On December 3, 1994, the first PlayStation was released in Japan, and video games haven’t been the same since.
It’s hard to underscore the PlayStation’s impact. The graphics and sound were all cutting edge for their time. Compared to the cartridge-based games of Sony’s competitors, the PlayStation looked like the future. And, in a way, it was.
But it might never have happened. Things almost turned out very differently for the PlayStation. Sony originally had joined forces with Nintendo for a console that never was. The partnership was a failure, and Sony moved forward with plans to make its own CD-based game console to stick it to the SNES. The Tokyo-based electronics giant continued with prototypes for its own console, including several uncomfortable-looking controllers before settling on the now iconic controller design.
At release, the console was a smash hit in Japan. There were long lines at launch and buzz among Japanese players. Sony marketed its game machine as high-end electronics, aiming at older gamers who perhaps had grown up on the Nintendo Famicom. The PlayStation was cool. It’s thirty-two bit graphics wowed players used to 16-bit. The console was so impressive that it lured Square’s Final Fantasy series away from Nintendo. Fans were more than happy to follow, too. The console would become home to a slew of classic games, including the aforementioned Final Fantasy VII as well as Castlevania: Symphony Of The Night, Resident Evil 2, PaRappa The Rapper, Tomb Raider, and Metal Gear Solid, among numerous others.

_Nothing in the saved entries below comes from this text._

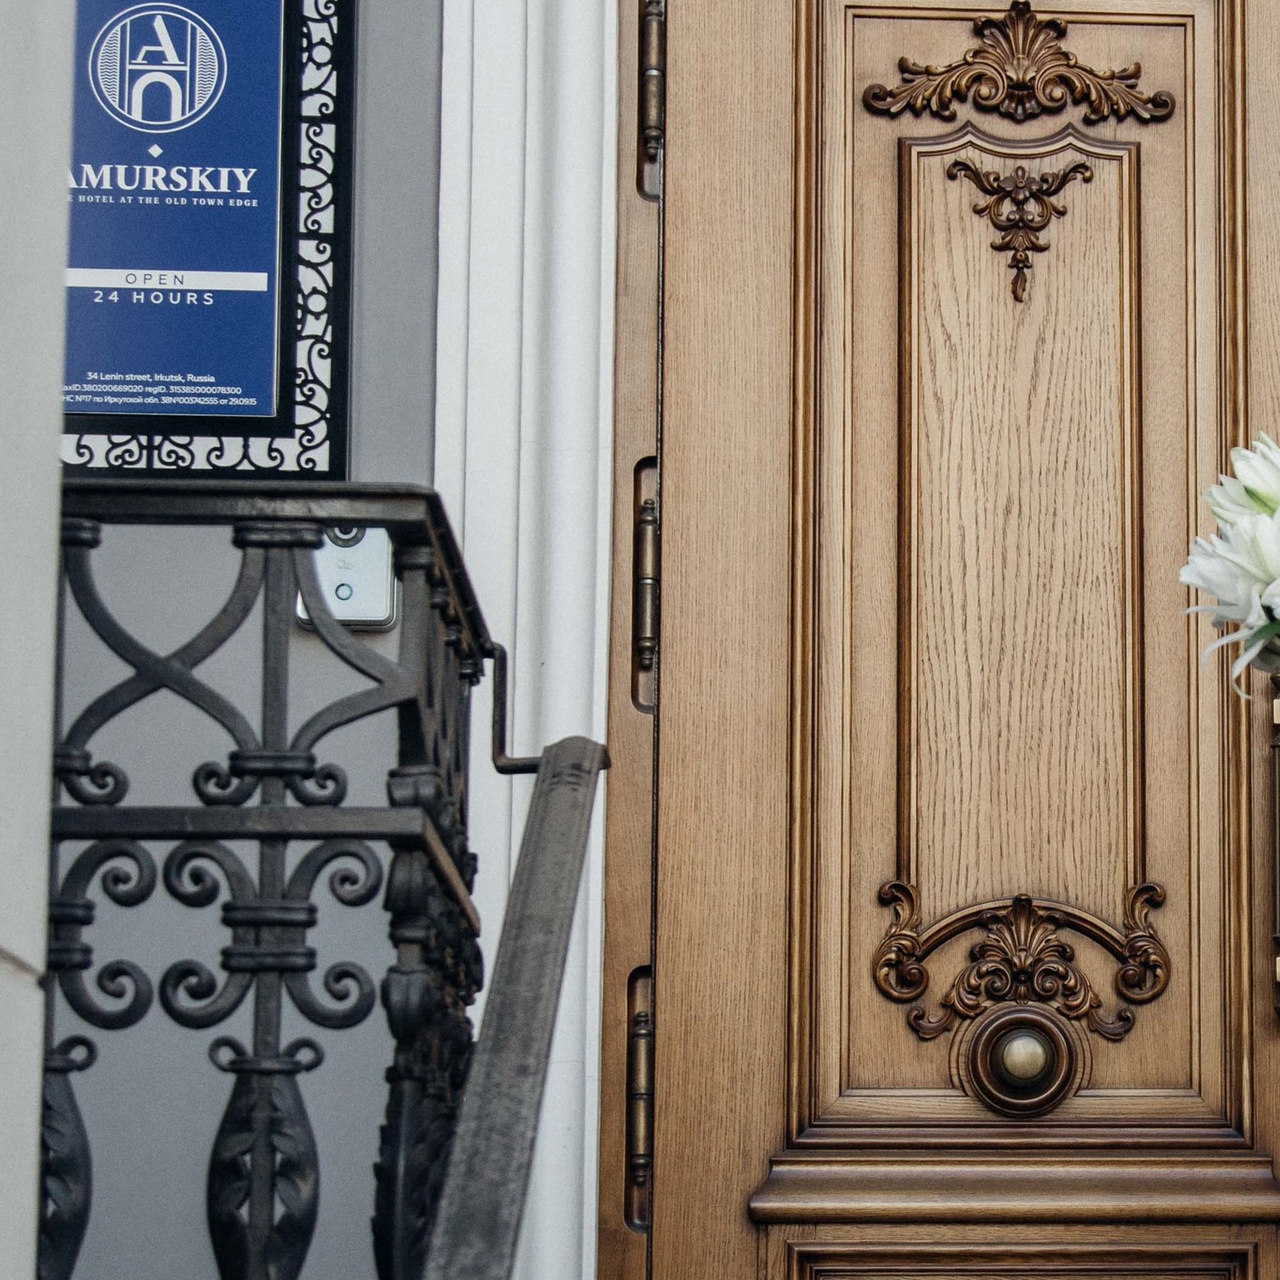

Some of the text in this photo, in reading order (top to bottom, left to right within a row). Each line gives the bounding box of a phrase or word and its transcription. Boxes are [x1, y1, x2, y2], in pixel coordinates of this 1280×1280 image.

[79, 195, 115, 204] HOTEL
[120, 196, 134, 204] AT
[138, 196, 160, 205] THE
[165, 197, 187, 206] OLD
[192, 198, 224, 206] TOWN
[229, 198, 259, 207] EDGE
[125, 273, 185, 286] OPEN
[93, 290, 214, 305] 24 HOURS
[86, 371, 216, 383] 34 Lenin street, Irkutsk, Russia
[62, 384, 144, 393] axID.380200669020
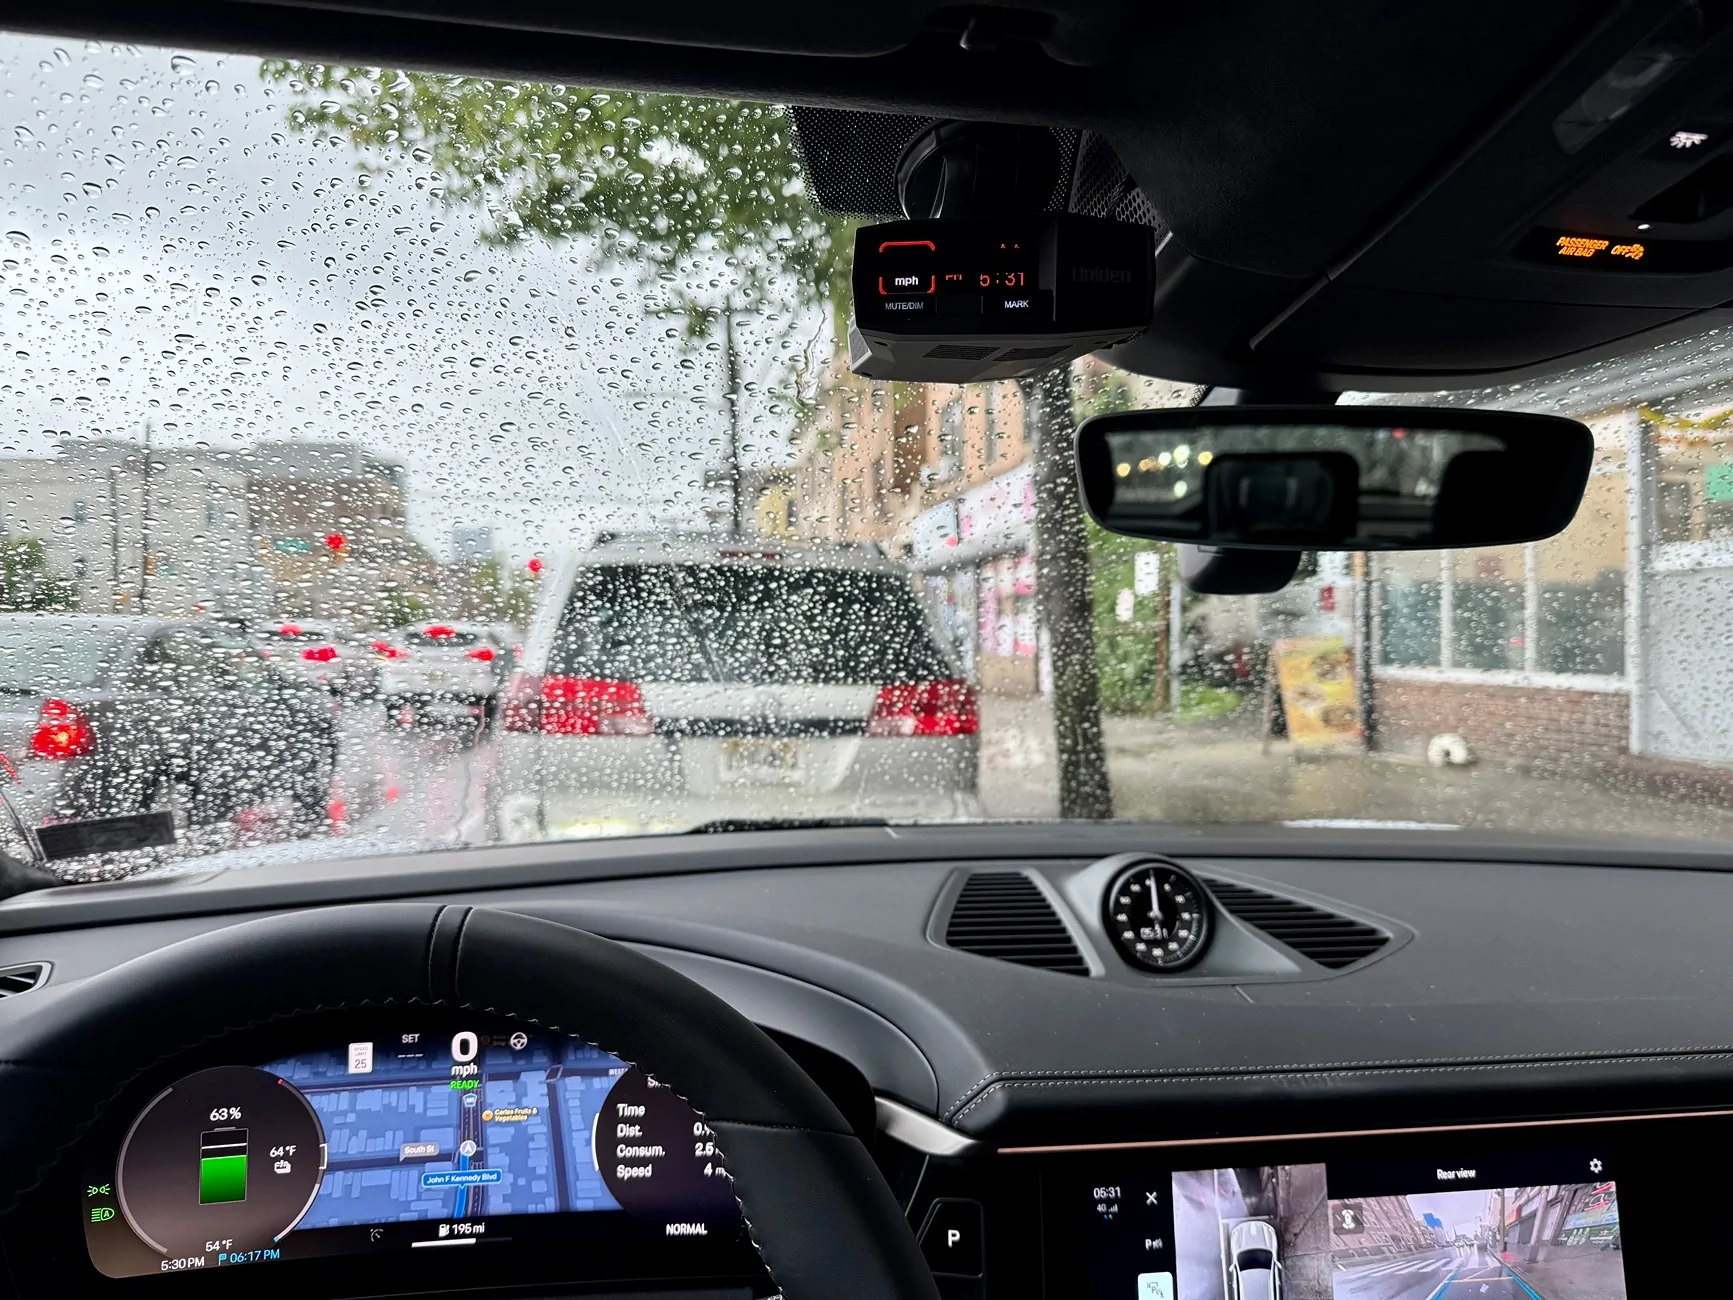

By 2005, Sony had shipped over 100 million PlayStation 1s, making it the first console to reach such a milestone. “PlayStation” wasn’t only the console’s name, but a brand. The PS1 paved the way for the PlayStation 2, the best-selling console of all time. But without the PS1, it never would’ve happened — ditto, of course, for all the PlayStations that followed. And it all began 27 years ago today.